## TASK DESCRIPTION:
Only the text belongs in the copy. Transcribe the data exactly and drop any pictures.

## EXERCISE INPUTS:
━━━━━━━━
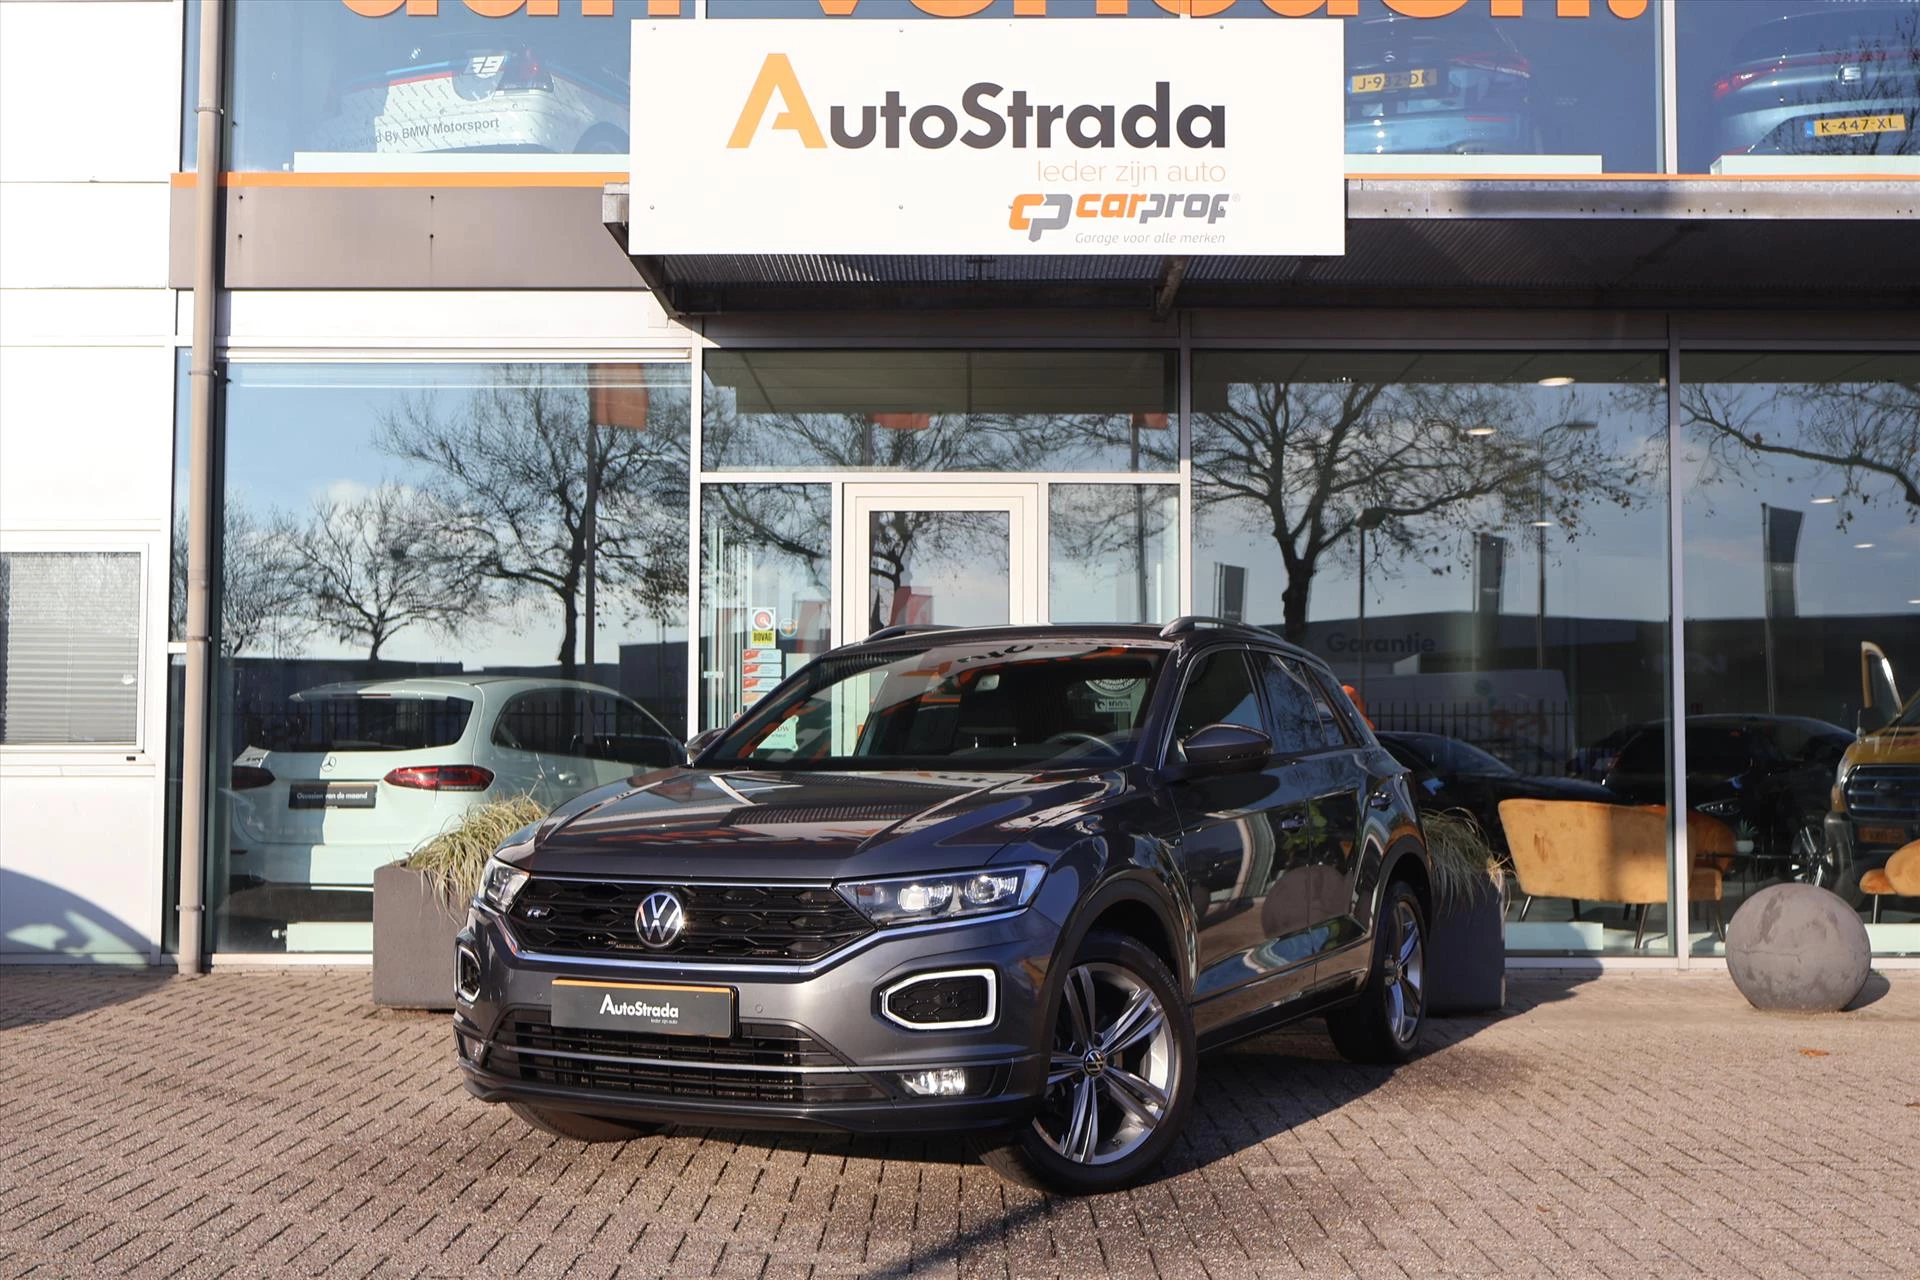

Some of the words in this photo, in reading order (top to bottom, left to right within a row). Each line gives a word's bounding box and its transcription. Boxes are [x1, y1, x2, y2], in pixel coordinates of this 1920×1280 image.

[726, 53, 1225, 150] AutoStrada
[385, 129, 400, 144] By
[402, 123, 430, 140] BMW
[433, 117, 500, 136] Motorsport
[1820, 117, 1898, 133] K-447-XL
[1115, 160, 1158, 187] zijn
[1167, 163, 1226, 182] auto
[1076, 193, 1230, 224] carprof
[1075, 232, 1119, 246] Garage
[1123, 234, 1150, 244] voor
[1154, 232, 1176, 244] alle
[1180, 232, 1225, 244] merken
[753, 632, 773, 642] BOVAG
[1327, 632, 1436, 653] Garantie
[325, 792, 336, 800] van
[336, 791, 345, 800] de
[346, 791, 368, 800] maand
[599, 993, 679, 1018] AutoStrada
━━━━━━━━
## EXERCISE ANSWER:
Some of the words in this photo, in reading order (top to bottom, left to right within a row). Each line gives a word's bounding box and its transcription. Boxes are [x1, y1, x2, y2], in pixel coordinates of this 1920×1280 image.

[726, 53, 1225, 150] AutoStrada
[385, 129, 400, 144] By
[402, 123, 430, 140] BMW
[433, 117, 500, 136] Motorsport
[1820, 117, 1898, 133] K-447-XL
[1115, 160, 1158, 187] zijn
[1167, 163, 1226, 182] auto
[1076, 193, 1230, 224] carprof
[1075, 232, 1119, 246] Garage
[1123, 234, 1150, 244] voor
[1154, 232, 1176, 244] alle
[1180, 232, 1225, 244] merken
[753, 632, 773, 642] BOVAG
[1327, 632, 1436, 653] Garantie
[325, 792, 336, 800] van
[336, 791, 345, 800] de
[346, 791, 368, 800] maand
[599, 993, 679, 1018] AutoStrada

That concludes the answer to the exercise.